Bear with me here. I’m going to start my review of Best Served Cold by talking very briefly about another of my favorite books, China Mieville’s Perdido Street Station.
My favorite aspect of PSS was Mieville’s relentless use of language to impart an overwhelming feeling of grime. For all its cast of entertaining characters, for me the star of the book was New Crobuzon’s overwhelming aura of dingy decay, filth, and muck.
Joe Abercrombie’s Best Served Cold gave me the same sensation, albeit with a different focus. If one were to make one of those word cloud thingies from BSC, I’m certain that “blood” and “shit” would be front and center.
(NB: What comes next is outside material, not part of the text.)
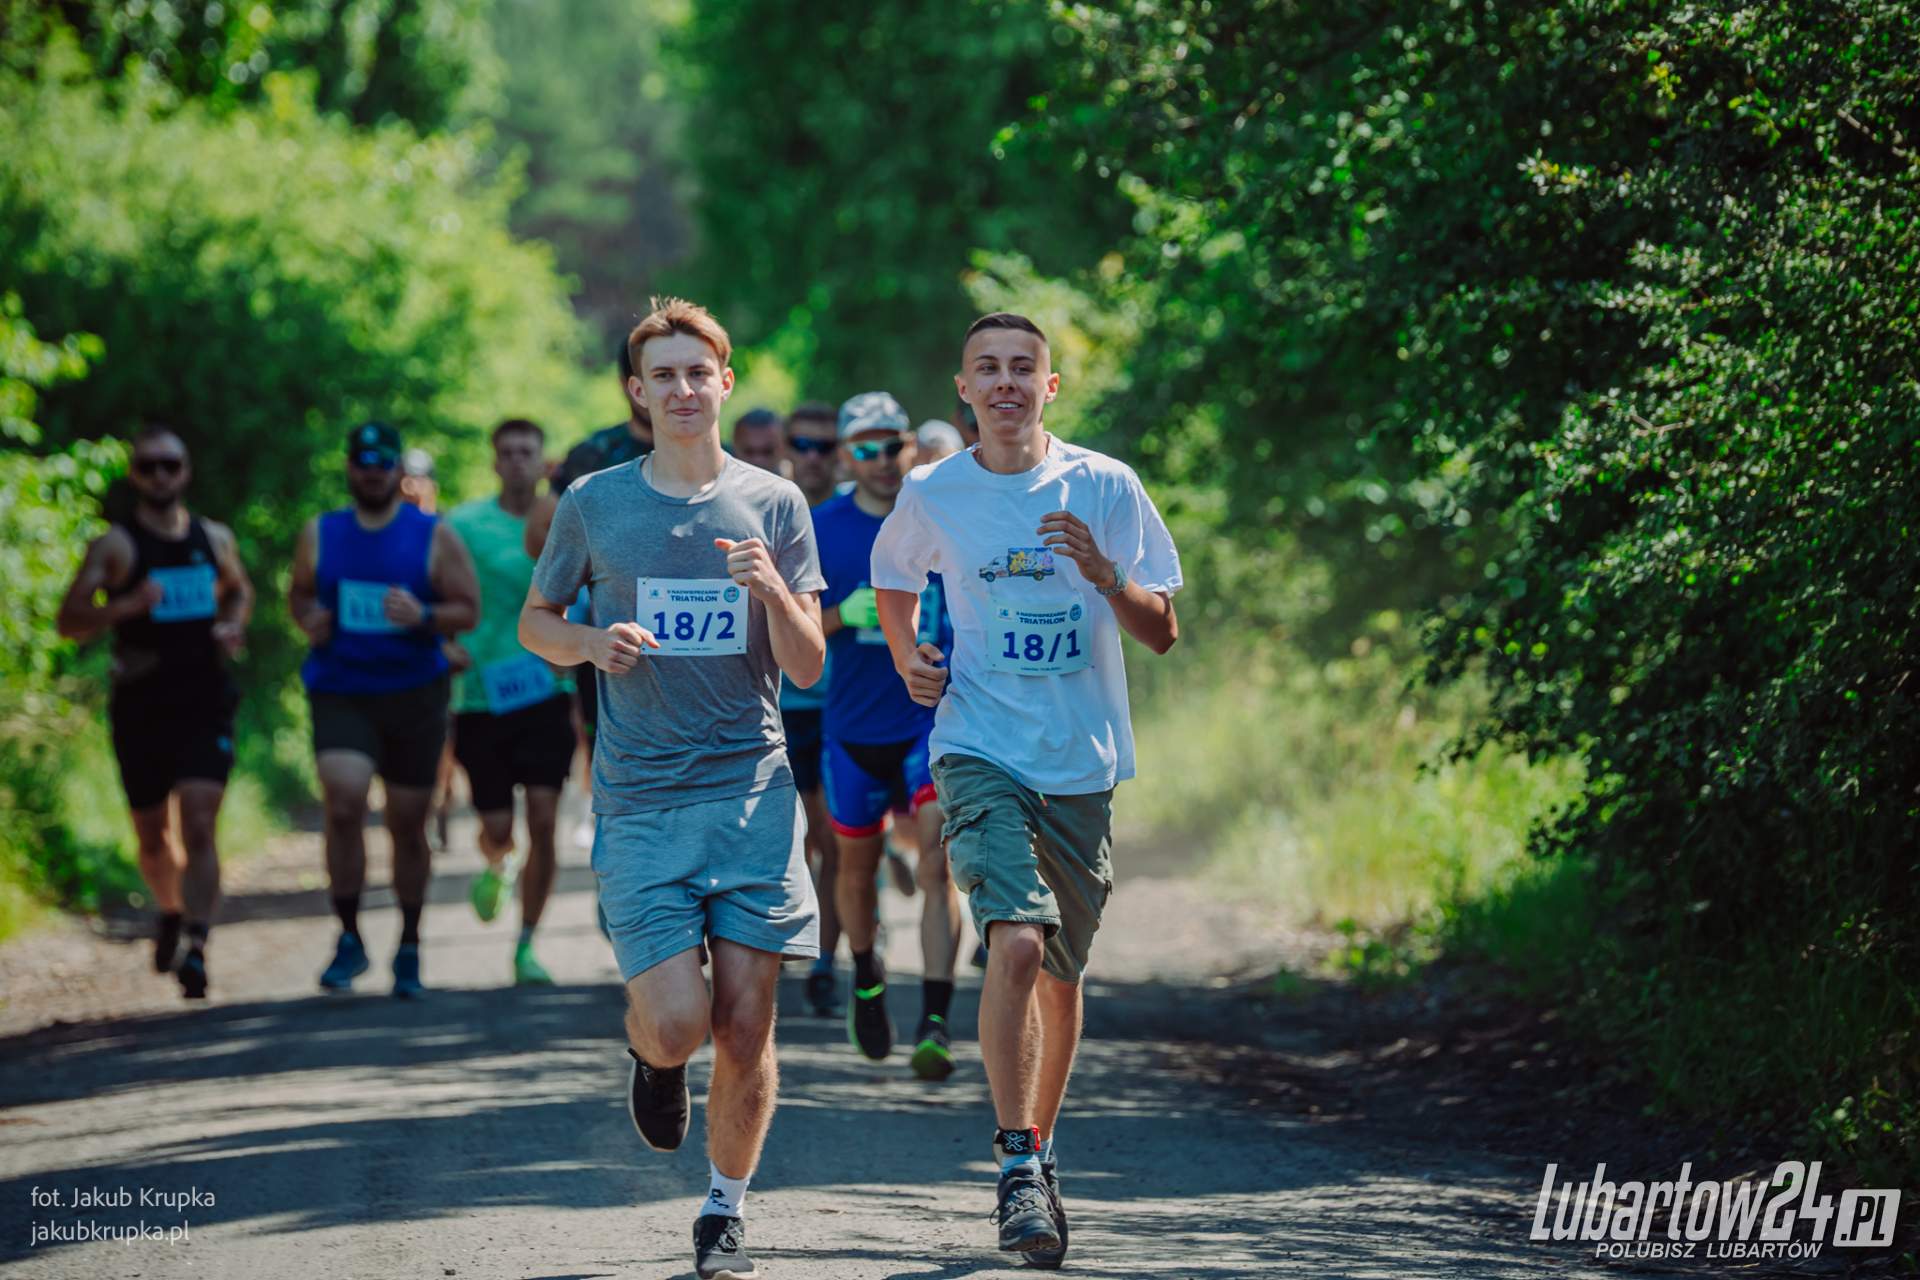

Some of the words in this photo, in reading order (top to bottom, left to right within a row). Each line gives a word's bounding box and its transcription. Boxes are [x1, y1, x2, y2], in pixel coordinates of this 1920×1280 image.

Abercrombie’s metaphors for just about everything are laden with brutality and violence; he wants us to live in a harsh, cruel world, and he does that not only with dozens of scenes where people are butchered, but by describing everything from architecture to sunsets in terms of blood, guts, and excrement.
Even more than that is his use of his “camera.” Consider than in any scene of a book, there are hundreds of sensory objects an author could show us, a dizzying array of sounds, sights, smells, actions, movement. The same underlying tale could be told in any number of ways, with any number of stimuli in focus.
In one particular scene of Best Served Cold, a battle leader sits upon a majestic horse, ready to lead a charge of men into battle. But in service to his goals, Abercrombie points the camera at the horse’s rear, showing us that in that moment it’s taking an inglorious dump. “Hey, look over here. There’s a lot going on in this scene, but I want to make sure you get a good look at this horseshit.”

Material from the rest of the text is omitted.